The goal here is an exact copy of the entries below, without their pictures.

Extracted records
++++++++++++++++++++

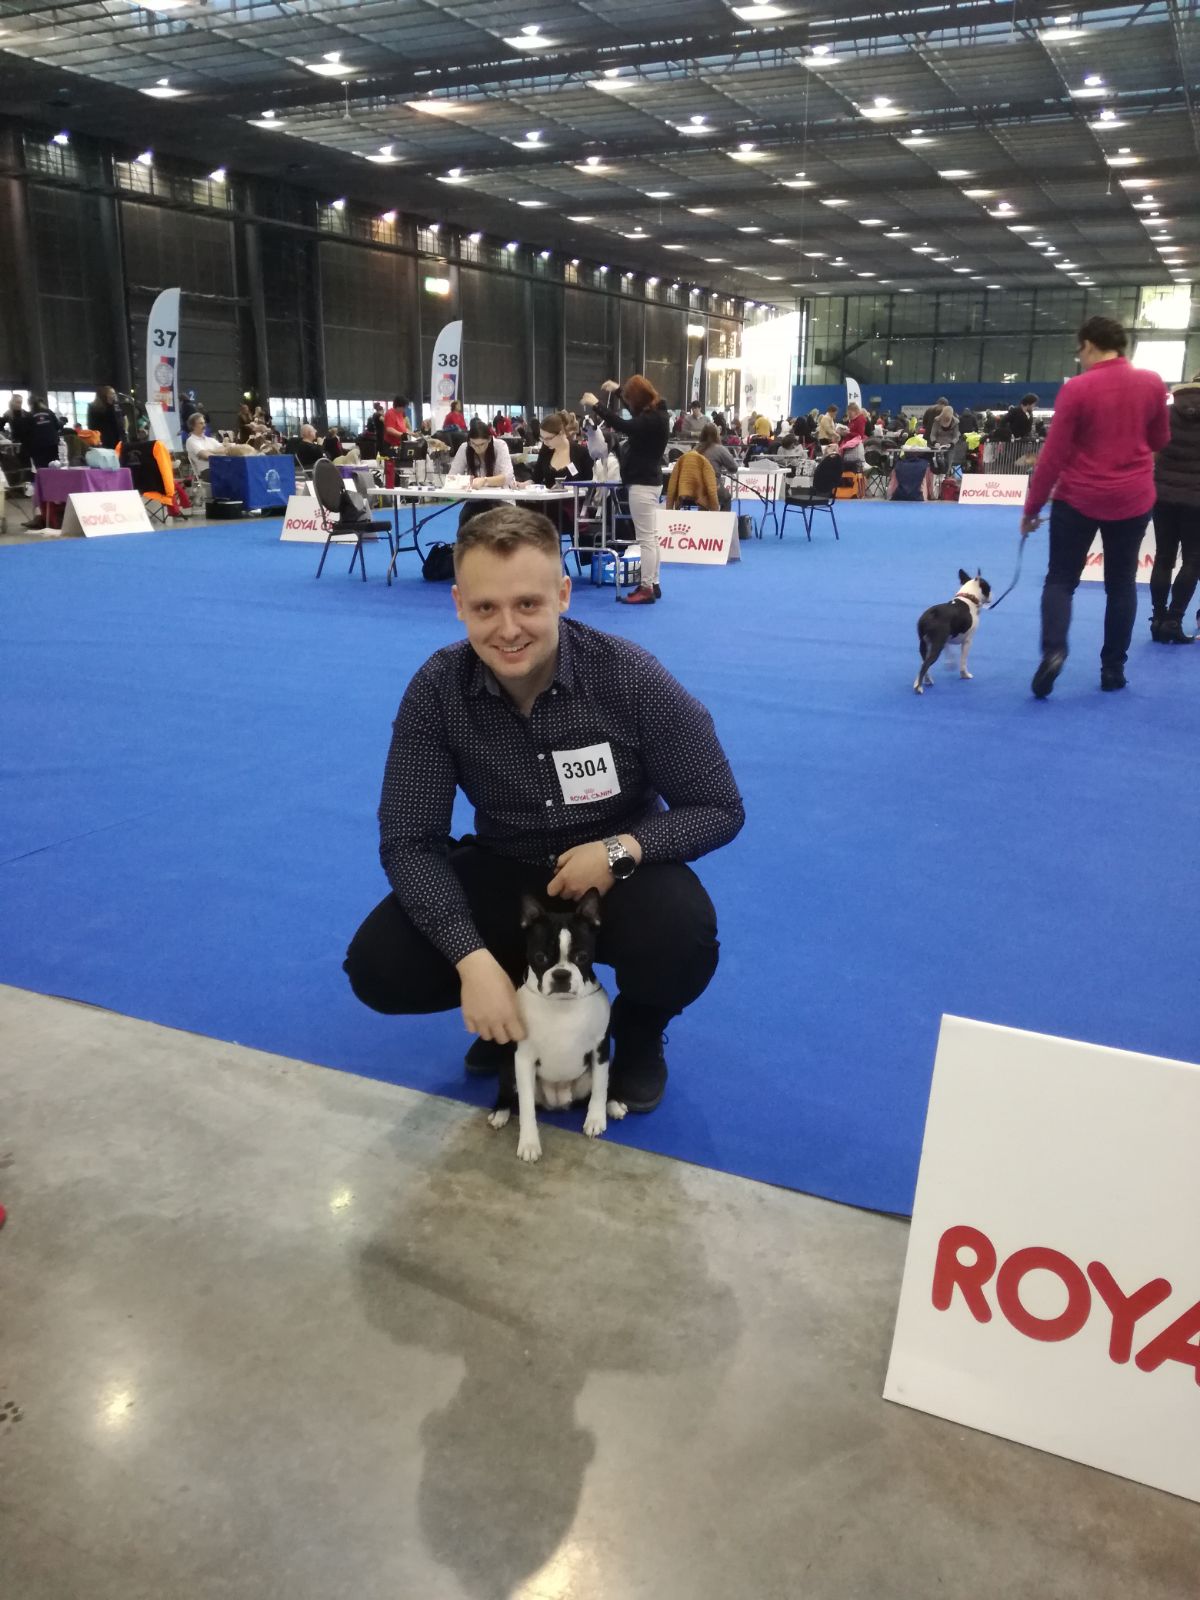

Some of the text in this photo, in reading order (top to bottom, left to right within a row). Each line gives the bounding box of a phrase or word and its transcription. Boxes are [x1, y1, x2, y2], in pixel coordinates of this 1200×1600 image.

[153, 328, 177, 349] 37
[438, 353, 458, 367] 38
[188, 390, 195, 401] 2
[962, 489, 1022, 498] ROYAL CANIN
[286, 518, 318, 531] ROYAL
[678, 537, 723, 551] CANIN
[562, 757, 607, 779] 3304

++++++++++++++++++++

TASK RESULT →
Some of the text in this photo, in reading order (top to bottom, left to right within a row). Each line gives the bounding box of a phrase or word and its transcription. Boxes are [x1, y1, x2, y2], in pixel coordinates of this 1200×1600 image.

[153, 328, 177, 349] 37
[438, 353, 458, 367] 38
[188, 390, 195, 401] 2
[962, 489, 1022, 498] ROYAL CANIN
[286, 518, 318, 531] ROYAL
[678, 537, 723, 551] CANIN
[562, 757, 607, 779] 3304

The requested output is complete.